**TASK GOAL**. In your copy, each line below is repeated exactly and no image appears.

━━ DATA TO USE ━━

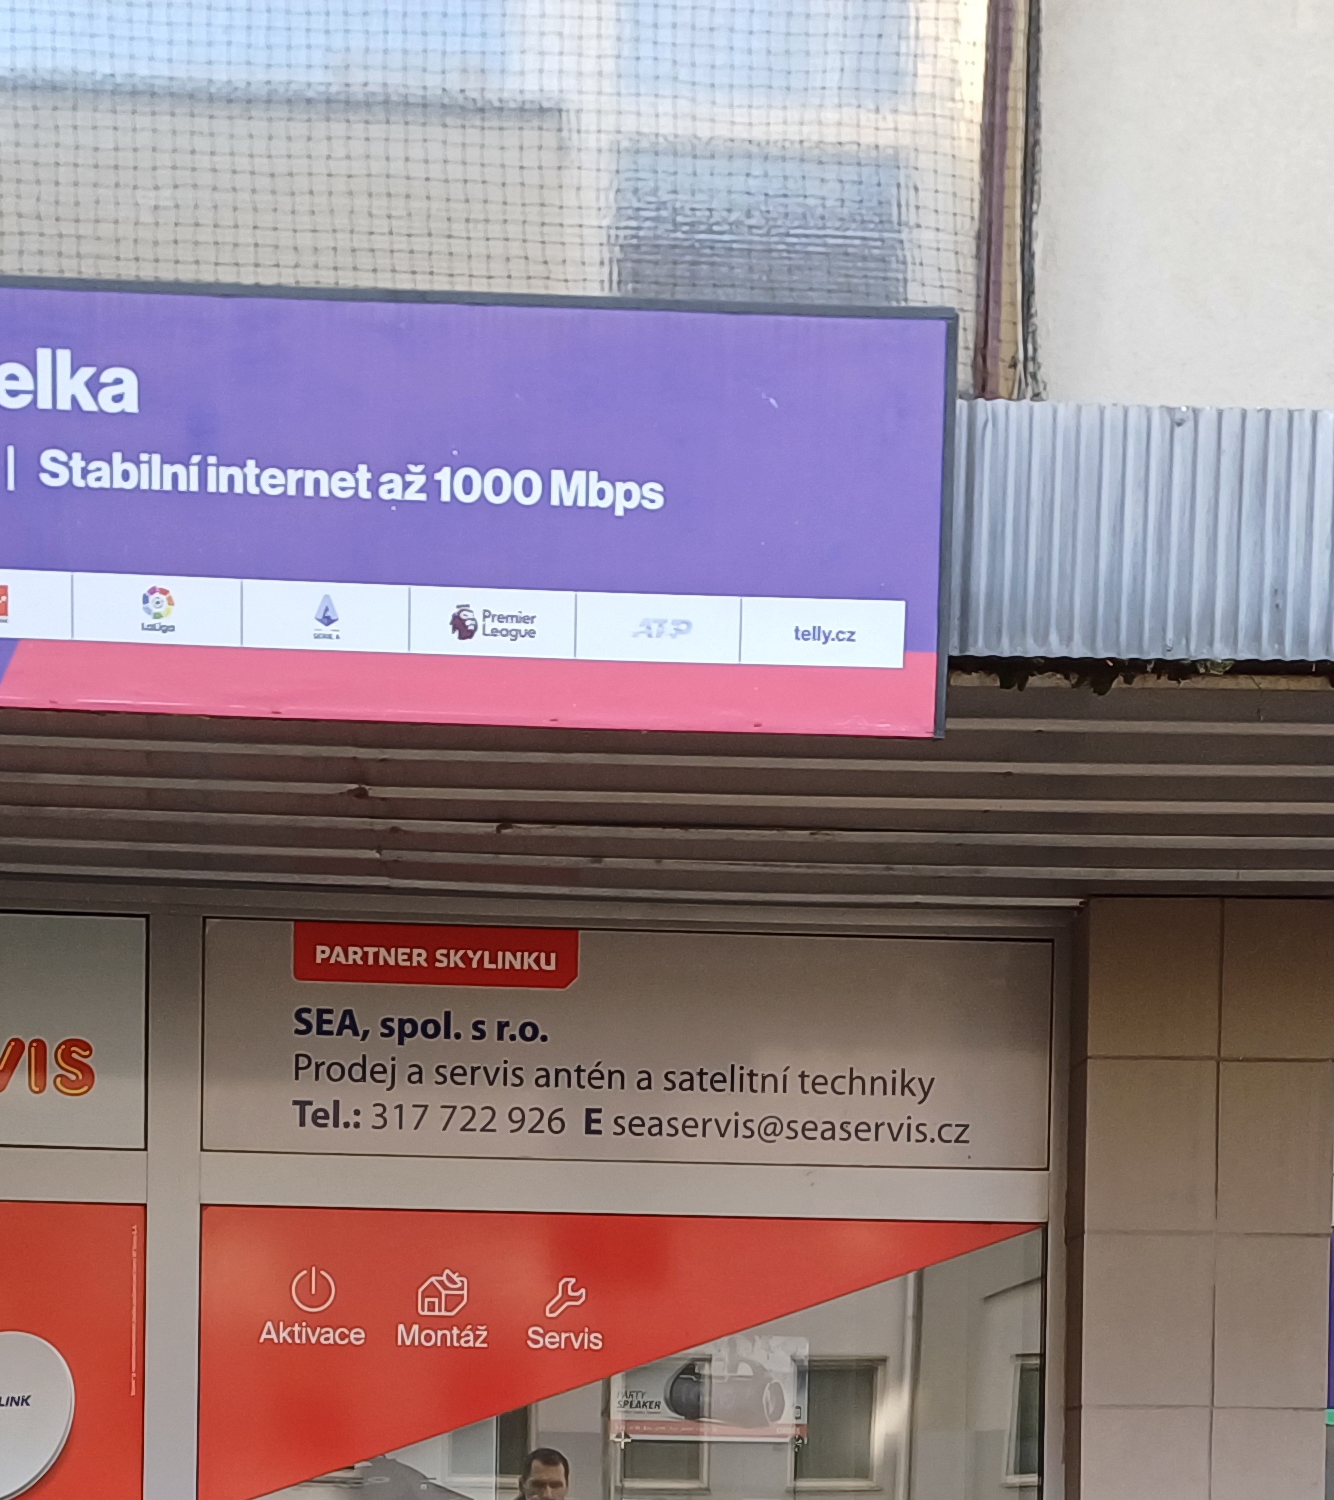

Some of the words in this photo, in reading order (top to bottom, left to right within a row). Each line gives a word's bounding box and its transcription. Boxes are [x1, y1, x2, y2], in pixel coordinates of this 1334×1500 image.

[38, 447, 201, 497] Stabilní
[206, 455, 372, 503] internet
[378, 457, 427, 503] až
[436, 465, 543, 508] 1000
[550, 469, 665, 516] Mbps
[482, 609, 537, 625] Premier
[482, 624, 537, 642] League
[794, 624, 857, 645] telly.cz
[314, 945, 429, 969] PARTNER
[434, 948, 557, 972] SKYLINKU
[292, 1006, 371, 1044] SEA,
[378, 1009, 463, 1046] spol.
[470, 1017, 488, 1041] s
[494, 1017, 550, 1044] r.o.
[292, 1052, 398, 1095] Prodej
[405, 1062, 425, 1086] a
[433, 1056, 525, 1089] servis
[534, 1055, 627, 1092] antén
[634, 1066, 654, 1092] a
[662, 1060, 791, 1096] satelitní
[797, 1064, 936, 1106] techniky
[291, 1098, 363, 1132] Tel.:
[370, 1103, 430, 1133] 317
[439, 1104, 499, 1135] 722
[507, 1105, 567, 1137] 926
[583, 1106, 604, 1137] E
[611, 1109, 971, 1147] seaservis@seaservis.cz
[259, 1319, 366, 1347] Aktivace
[396, 1321, 489, 1350] Montáž
[526, 1324, 605, 1353] Servis
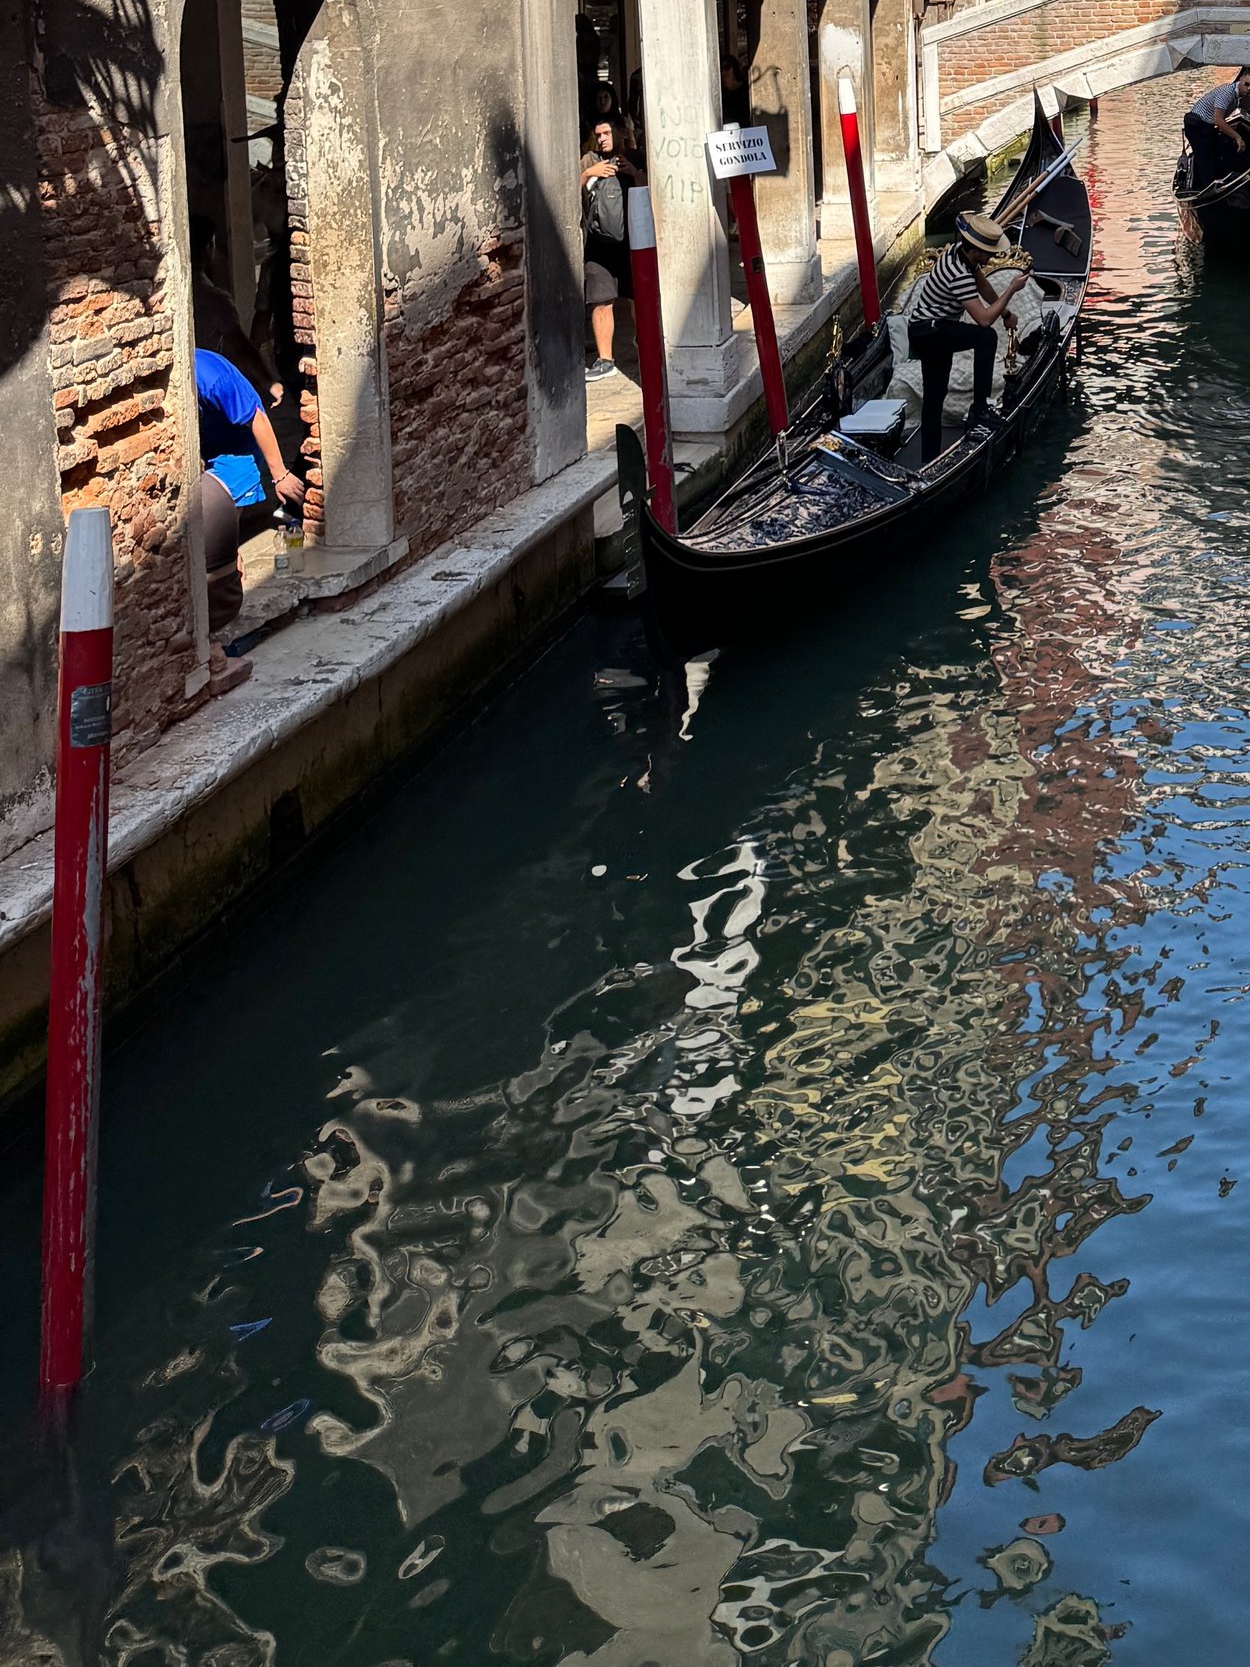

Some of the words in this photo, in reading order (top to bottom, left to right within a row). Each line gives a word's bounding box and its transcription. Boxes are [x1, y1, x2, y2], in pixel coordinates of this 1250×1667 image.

[654, 136, 704, 159] VOTO
[715, 138, 763, 152] SERVIZIO
[719, 152, 767, 165] GONDOLA
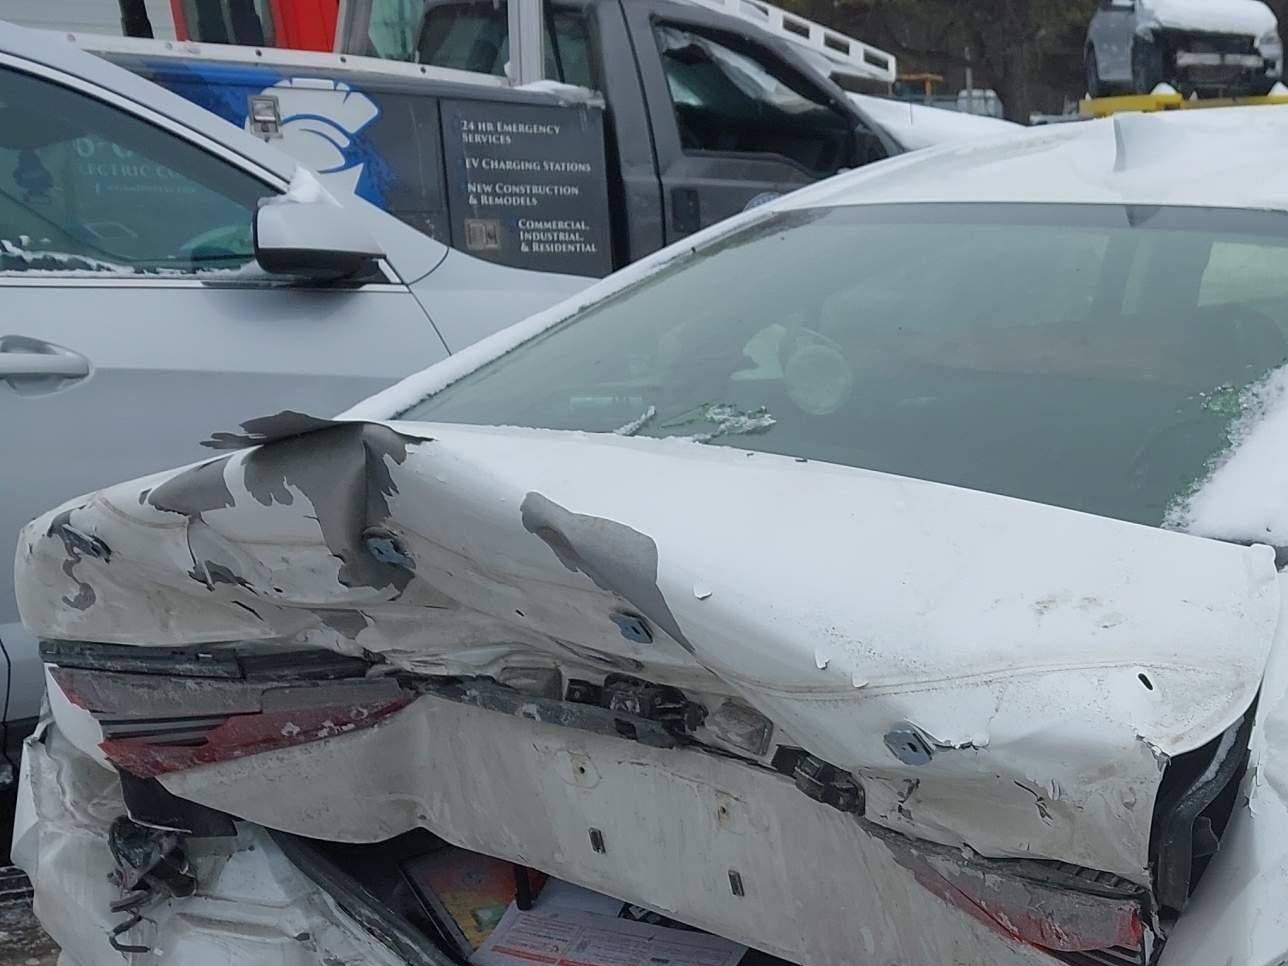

━━━

**ANSWER SECTION**.
Some of the words in this photo, in reading order (top to bottom, left to right within a row). Each line gives a word's bounding box and its transcription. Boxes are [x1, y1, x2, y2], in pixel coordinates of this 1334×1500 image.

[38, 447, 201, 497] Stabilní
[206, 455, 372, 503] internet
[378, 457, 427, 503] až
[436, 465, 543, 508] 1000
[550, 469, 665, 516] Mbps
[482, 609, 537, 625] Premier
[482, 624, 537, 642] League
[794, 624, 857, 645] telly.cz
[314, 945, 429, 969] PARTNER
[434, 948, 557, 972] SKYLINKU
[292, 1006, 371, 1044] SEA,
[378, 1009, 463, 1046] spol.
[470, 1017, 488, 1041] s
[494, 1017, 550, 1044] r.o.
[292, 1052, 398, 1095] Prodej
[405, 1062, 425, 1086] a
[433, 1056, 525, 1089] servis
[534, 1055, 627, 1092] antén
[634, 1066, 654, 1092] a
[662, 1060, 791, 1096] satelitní
[797, 1064, 936, 1106] techniky
[291, 1098, 363, 1132] Tel.:
[370, 1103, 430, 1133] 317
[439, 1104, 499, 1135] 722
[507, 1105, 567, 1137] 926
[583, 1106, 604, 1137] E
[611, 1109, 971, 1147] seaservis@seaservis.cz
[259, 1319, 366, 1347] Aktivace
[396, 1321, 489, 1350] Montáž
[526, 1324, 605, 1353] Servis

Some of the words in this photo, in reading order (top to bottom, left to right within a row). Each line gives a word's bounding box and its transcription. Boxes are [x1, y1, x2, y2], in pixel coordinates of this 1250×1667 image.

[654, 136, 704, 159] VOTO
[715, 138, 763, 152] SERVIZIO
[719, 152, 767, 165] GONDOLA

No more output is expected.